Его христіанское имя было Иванъ Аптекаревъ, уличная кличка сократила его на "Ваньку Аптекаренка", а я въ пугливомъ кроткомъ сердцѣ моемъ окрестилъ его: Страшный Мальчикъ.
Дѣйствительно, въ этомъ мальчикѣ было что-то страшное: жилъ онъ въ мѣстахъ совершенно неизслѣдованныхъ -- въ нагорной части Цыганской Слободки; носились слухи, что у него были родители, но онъ, очевидно, держалъ ихъ въ черномъ тѣлѣ, не считаясь съ ними, запугивая ихъ; говорилъ хриплымъ голосомъ, поминутно сплевывая тонкую, какъ нитка, слюну сквозь выбитый Хромымъ Возжонкомъ (легендарная личность!) зубъ; одѣвался же онъ такъ шикарно, что никому изъ насъ даже въ голову не могло придти скопировать его туалетъ: на ногахъ рыжіе, пыльные башмаки съ чрезвычайно тупыми носками, голова вѣнчалась фуражкой, измятой, переломленной въ неподлежащемъ мѣстѣ, и съ козырькомъ, треснувшимъ посрединѣ самымъ вкуснымъ образомъ.
Пространство между фуражкой и башмаками заполнялось совершенно выцвѣтшей форменной блузой, которую охватывалъ широченный кожаный поясъ, спускавшійся на два вершка ниже, чѣмъ это полагалось природой, а на ногахъ красовались штаны, столь вздувшіеся на колѣнкахъ и затрепанныхъ внизу, -- что Страшный Мальчикъ однимъ видомъ этихъ брюкъ могъ навести панику на населеніе.
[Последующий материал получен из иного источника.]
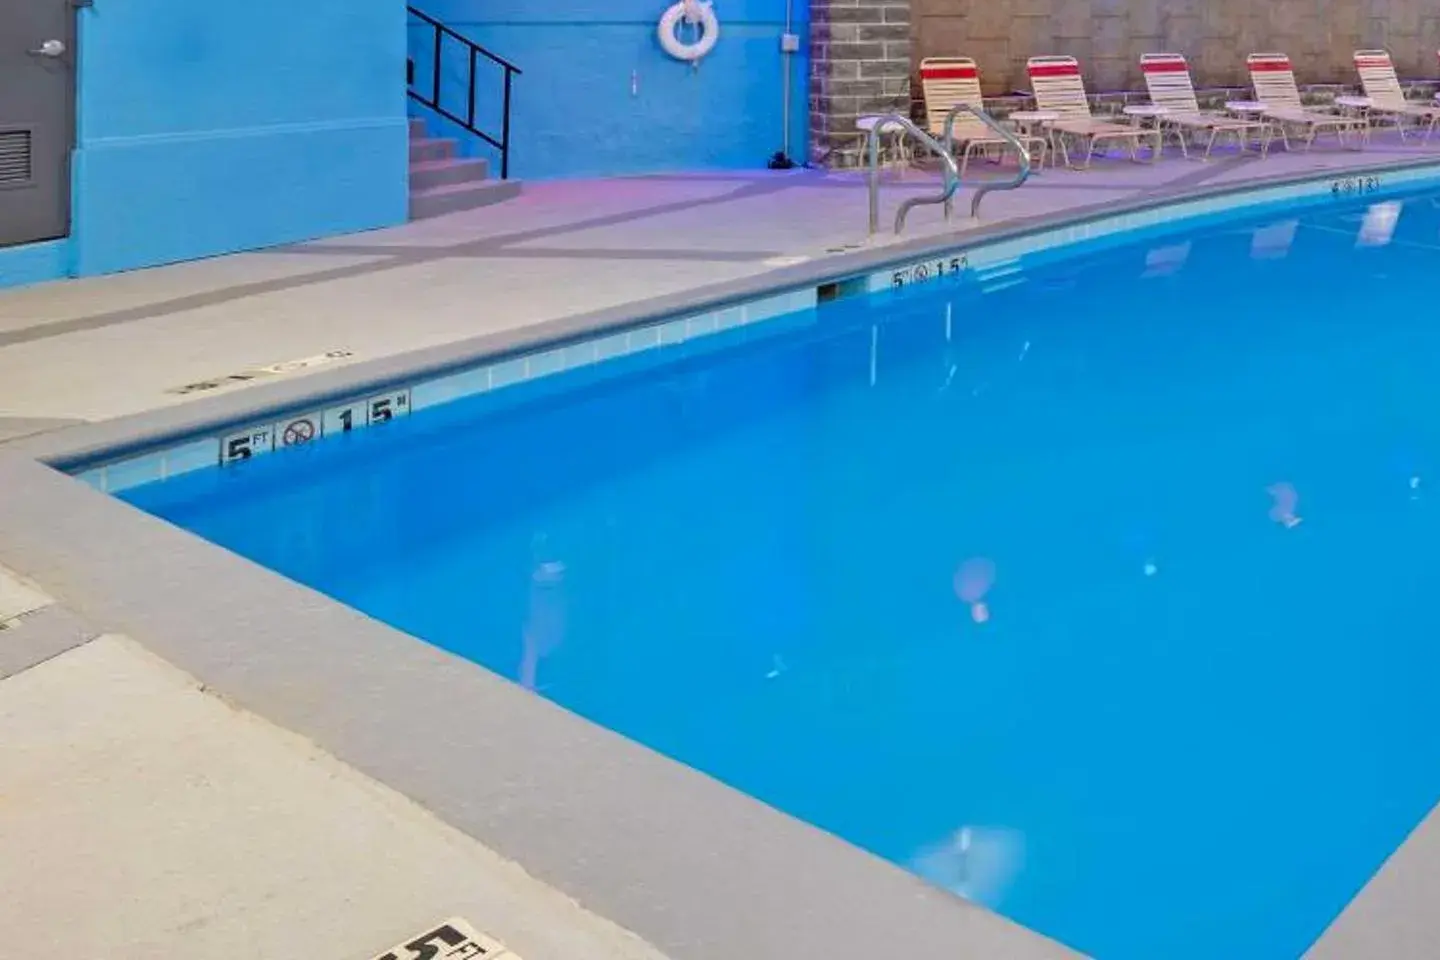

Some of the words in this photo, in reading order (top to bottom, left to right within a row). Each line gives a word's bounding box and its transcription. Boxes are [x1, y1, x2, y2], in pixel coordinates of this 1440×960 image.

Психологія Страшнаго Мальчика была проста, но совершенно намъ, обыкновеннымъ мальчикамъ, непонятна. Когда кто-нибудь изъ насъ собирался подраться, онъ долго примѣривался, вычислялъ шансы, взвѣшивалъ и, даже все взвѣсивъ, долго колебался, какъ Кутузовъ передъ Бородино. А Страшный Мальчикъ вступалъ въ любую драку просто, безъ вздоховъ и приготовленій: увидѣвъ не понравившагося ему человѣка, или двухъ или трехъ, -- онъ крякалъ, сбрасывалъ поясъ и, замахнувшись правой рукой такъ далеко, что она чуть его самого не хлопала по спинѣ, бросался въ битву.
Знаменитый размахъ правой руки дѣлалъ то, что первый противникъ летѣлъ на землю, вздымая облако пыли; ударъ головой въ животъ валилъ второго; третій получалъ неуловимые, но страшные удары обѣими ногами... Если противниковъ было больше, чѣмъ три, то четвертый и пятый летѣли отъ снова молніеносно закинутой назадъ правой руки, отъ методическаго удара головой въ животъ -- и такъ далѣе.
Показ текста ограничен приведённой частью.